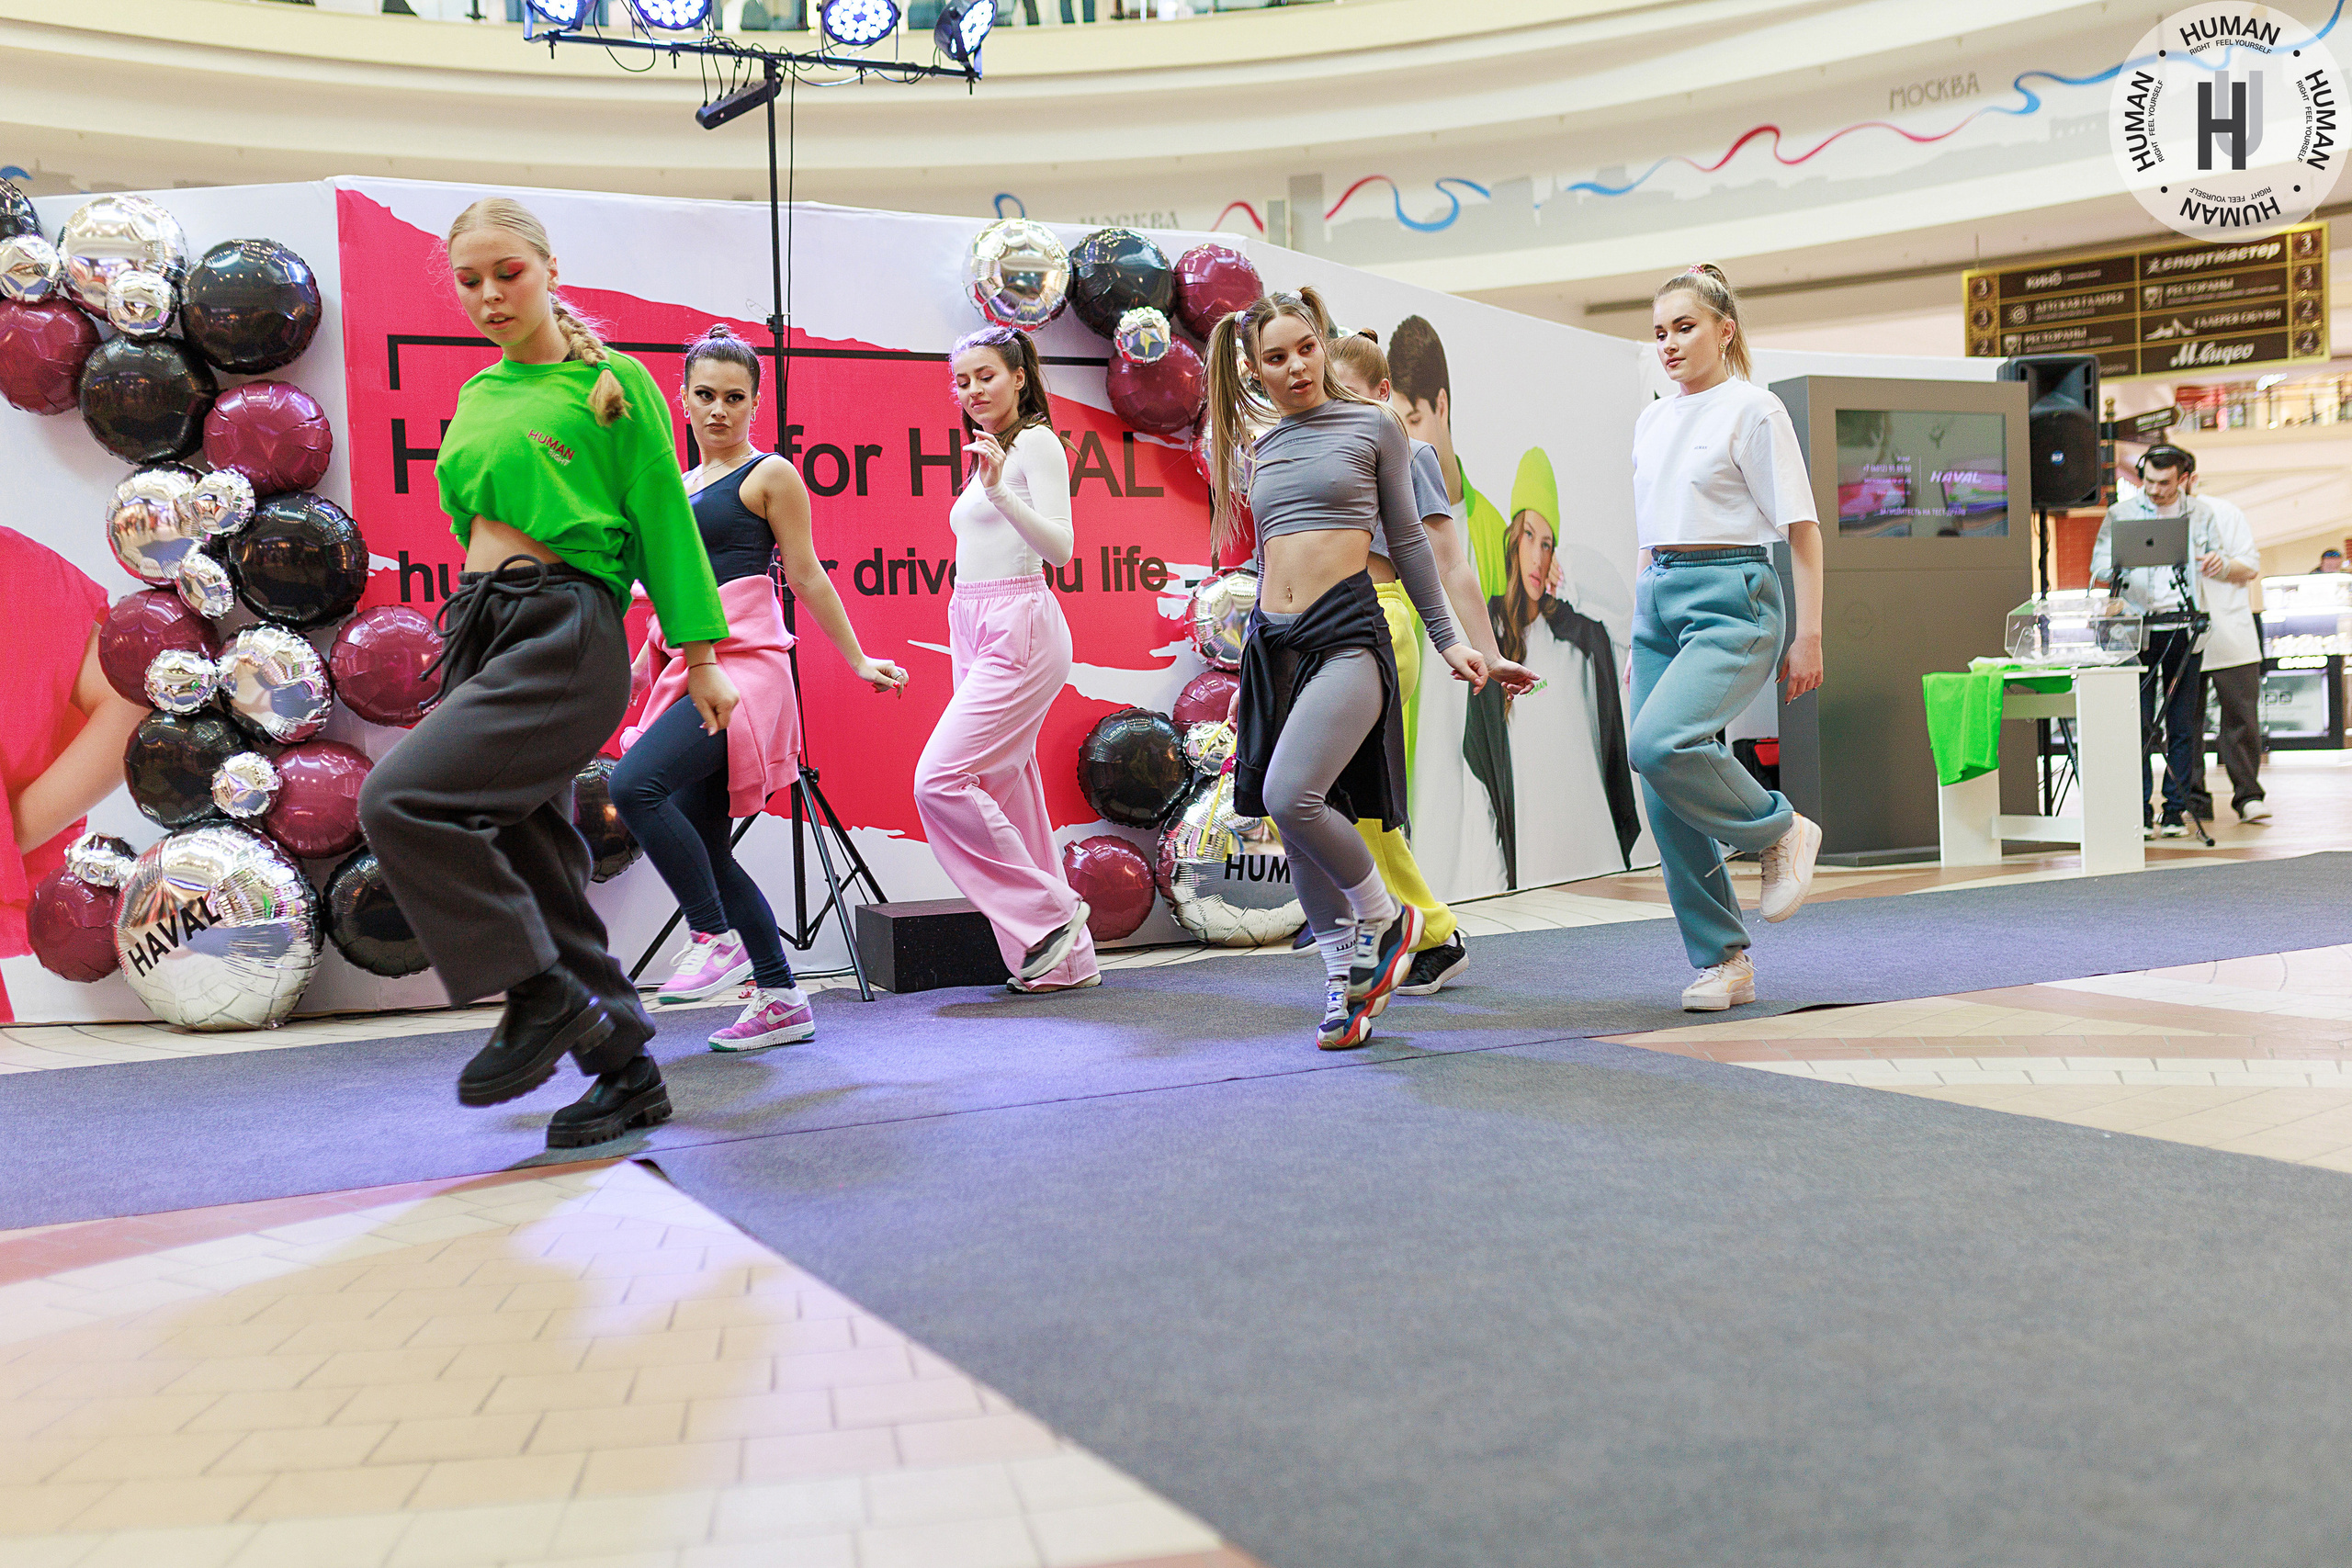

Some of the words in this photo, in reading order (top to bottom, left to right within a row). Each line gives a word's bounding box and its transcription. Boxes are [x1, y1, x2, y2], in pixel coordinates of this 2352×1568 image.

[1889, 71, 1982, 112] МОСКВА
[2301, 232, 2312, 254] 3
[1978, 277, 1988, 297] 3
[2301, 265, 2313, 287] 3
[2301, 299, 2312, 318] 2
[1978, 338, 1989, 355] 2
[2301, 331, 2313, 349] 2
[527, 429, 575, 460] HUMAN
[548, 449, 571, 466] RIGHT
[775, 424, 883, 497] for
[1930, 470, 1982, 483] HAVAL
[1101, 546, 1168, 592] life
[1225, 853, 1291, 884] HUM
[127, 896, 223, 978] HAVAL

● ● ●

■ WORK TO COMPLETE: Reproduce these records exactly, but not the pictures.

■ OUTPUT OF THE EXERCISE:
Some of the words in this photo, in reading order (top to bottom, left to right within a row). Each line gives a word's bounding box and its transcription. Boxes are [x1, y1, x2, y2], in pixel coordinates of this 2352×1568 image.

[1889, 71, 1982, 112] МОСКВА
[2301, 232, 2312, 254] 3
[1978, 277, 1988, 297] 3
[2301, 265, 2313, 287] 3
[2301, 299, 2312, 318] 2
[1978, 338, 1989, 355] 2
[2301, 331, 2313, 349] 2
[527, 429, 575, 460] HUMAN
[548, 449, 571, 466] RIGHT
[775, 424, 883, 497] for
[1930, 470, 1982, 483] HAVAL
[1101, 546, 1168, 592] life
[1225, 853, 1291, 884] HUM
[127, 896, 223, 978] HAVAL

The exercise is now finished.